Fuera de la academia:

Amat Escalante, La región salvaje

Dirigiendo la mirada hacia el terror profundo del deseo reprimido, Escalante construye una de las secuencias más inquietantes con un monstruo: este sí realmente aterrador y seductor. Su mirada logra transitar con creces la frontera entre lo fantasioso y lo contemporáneo y es allí donde surge una de las más inquietantes críticas a nuestro tiempo.

ACTUACIÓN:

Gary Oldman, Las horas más oscuras

Frances McDormand, Tres anuncios por un crimen

Alison Janney, Yo, Tonya

Sam Rockwell, Tres anuncios por un crimen

Históricamente la Academia se ha inclinado por reconocer un tipo de actuación: aquella que es histriónica, camaleónica y metódica y que hace honor a la tradición naturalista de Stanislavski. Este año no fue la excepción. Las categorías de actuación de reparto premiaron a Alison Janney y a Sam Rockwell, dos actores que han construido una carrera sostenida en personajes secundarios que privilegian un tono cómico y que, muchas veces, terminan siendo presencias superiores a sus películas. En las categorías de actuación protagónica el tema en común parece ser la fortaleza y la construcción de un carácter en medio de la duda: Frances McDormand se contiene en igual medida que expresa dolor a través de su personaje, Mildred. Gary Oldman, en un tono completamente distinto al de McDormand, interpreta a Winston Churchill como la caricatura histriónica necesaria para crear un mito. Aunque su interpretación esté lejos de la pausa y la mesura presente en otros trabajos como Tinker Tailor Soldier Spy (2011) este premio es el reconocimiento a una carrera de uno de los grandes actores anglosajones.

Fuera de la Academia:

Kim Min-hee, On the beach at night alone

Más que una actuación clásica es la representación de un estado de duelo, desasosiego y reflexión. Sus gestos evocan el poder de la memoria, el pasado y la ensoñación.

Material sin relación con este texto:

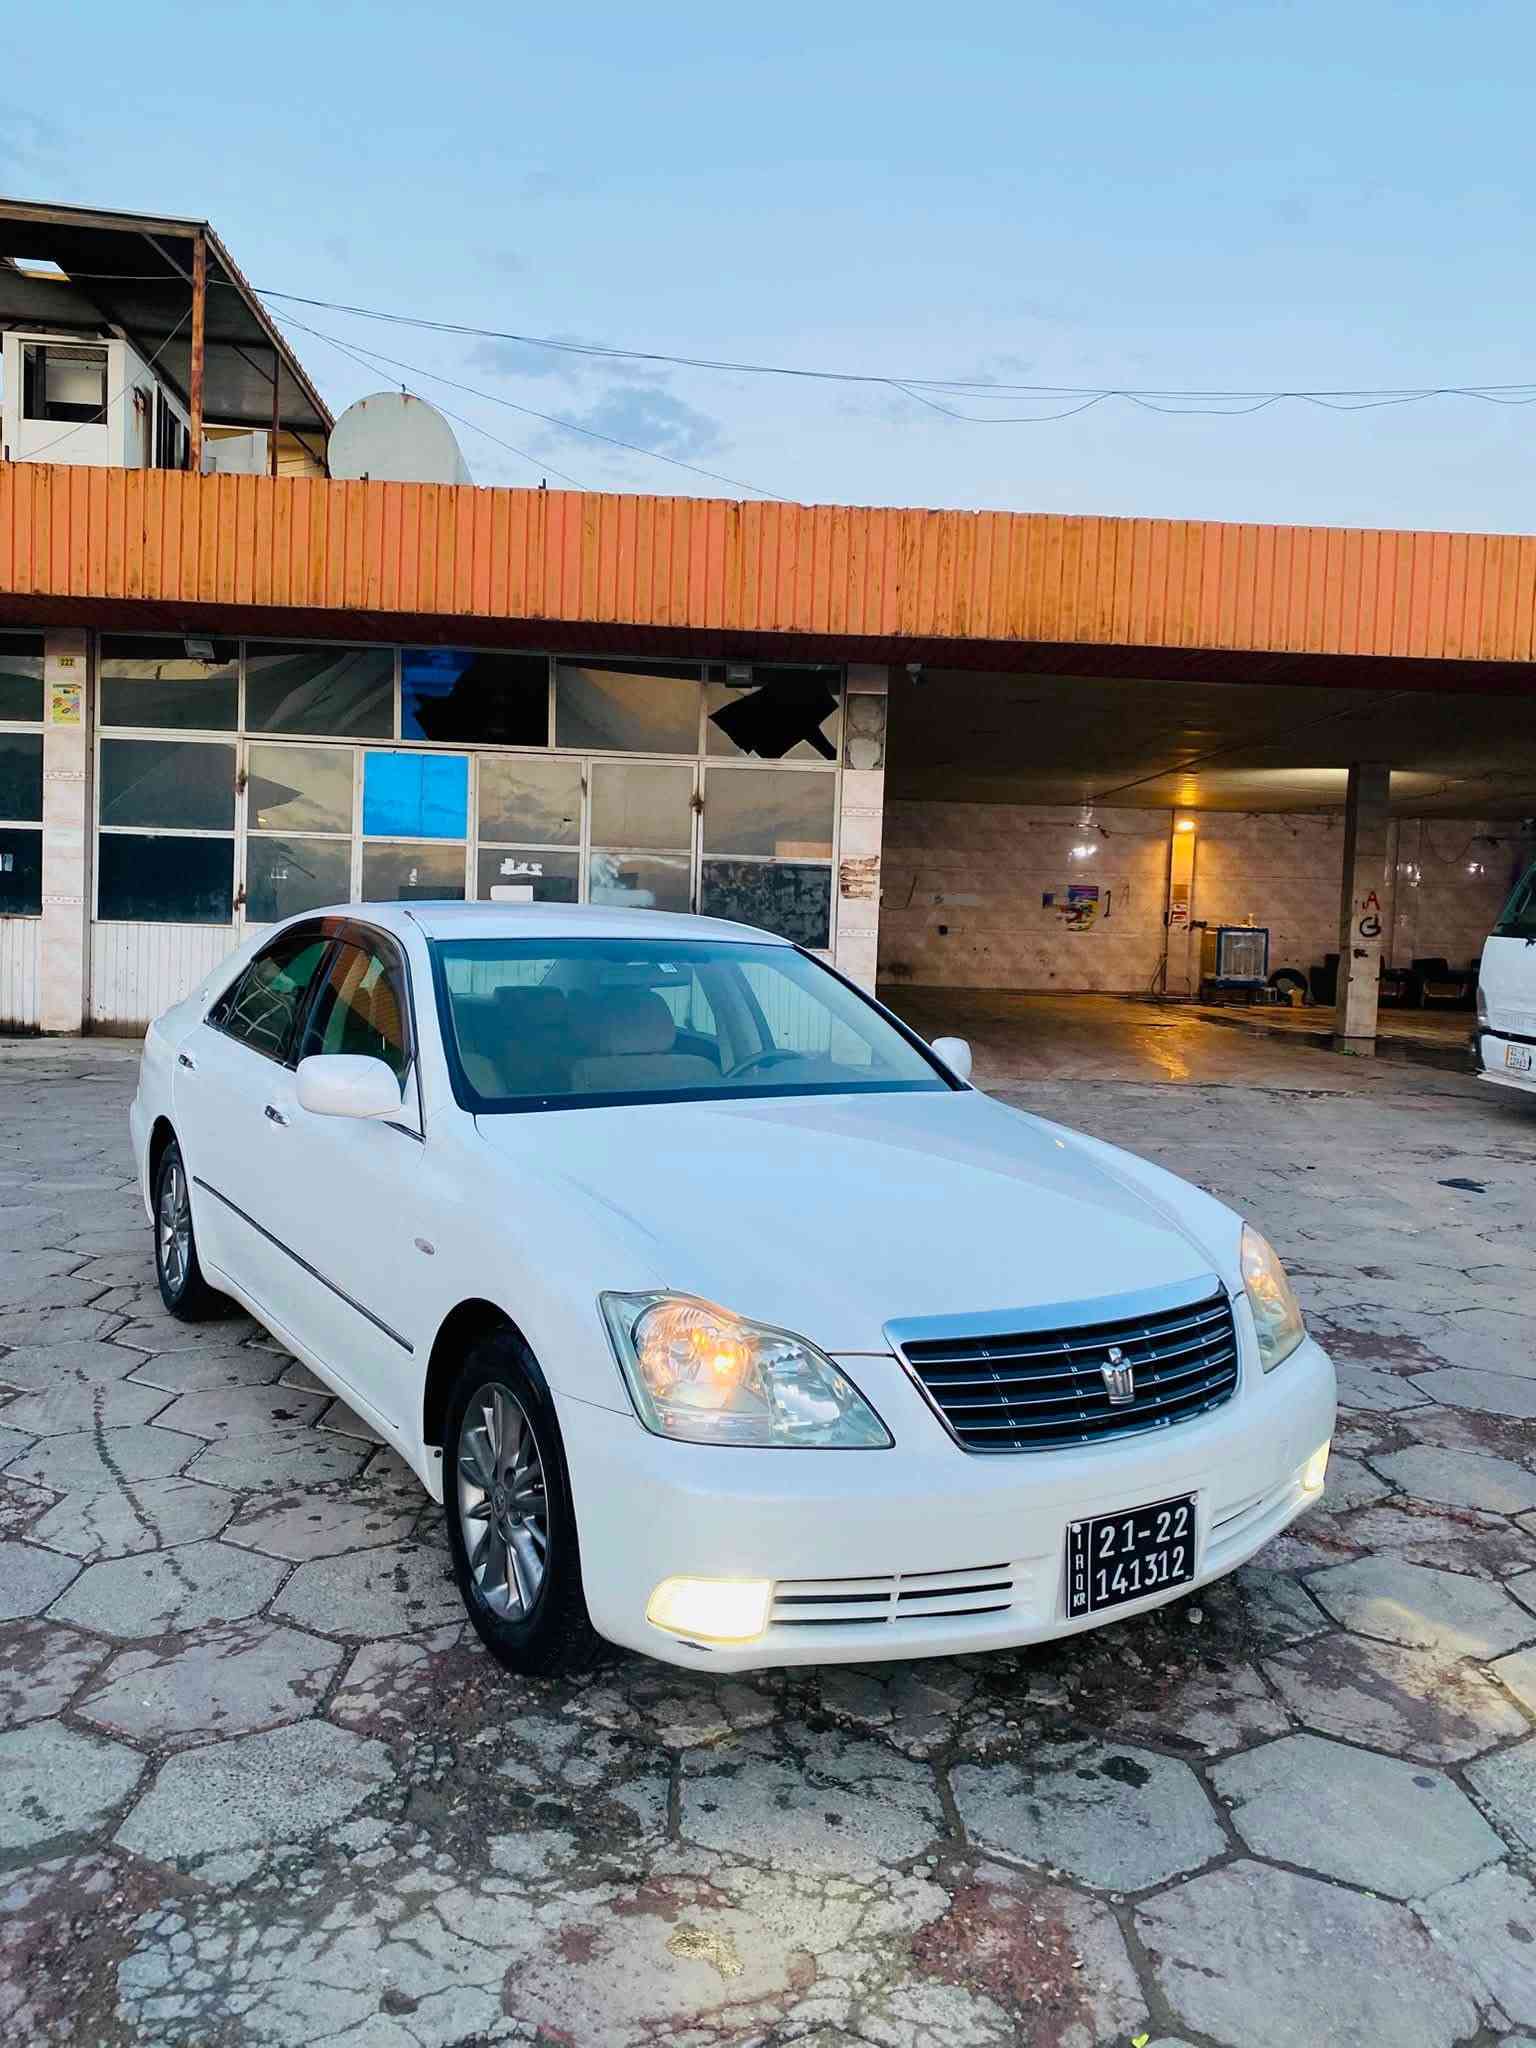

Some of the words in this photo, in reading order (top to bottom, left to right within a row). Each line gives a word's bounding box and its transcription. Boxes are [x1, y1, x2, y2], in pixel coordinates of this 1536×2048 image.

La actriz coreana construye de la mano de Hong Sang-soo uno de los personajes más memorables del cine oriental.

MEJOR PELÍCULA:

La forma del agua

Probablemente la película aparentemente inofensiva más engañosa en ganar este premio desde Crash (2005), esta liviana fábula en clave de romance pretende señalar los prejuicios sociales y ponerse de lado de los marginados a través de la conmiseración y el sentimentalismo. Sus caricaturas no revelan nada más allá de la caricatura misma y su monstruo no está a la altura de otras creaciones del mismo Del Toro. Que la Academia la haya elegido es apenas natural: en ella encuentra el reflejo para construir la imagen de empatía y belleza con lo marginal,  mientras que formalmente refuerza la tradición clásica de su industria.

Fuera de la Academia:

Zama

Rechazada por los grandes festivales además de la Academia, esta película argentina solo obtuvo un lugar fuera de competencia en el Festival de Cine de Venecia del año pasado (donde, por demás, también ganó la película de Del Toro). Zama, en sí misma puesta en los márgenes por los programadores europeos, explora el tema de la espera y la violencia inherente al colonialismo a través de la mirada de una de las realizadoras más importantes de nuestro continente: Lucrecia Martel.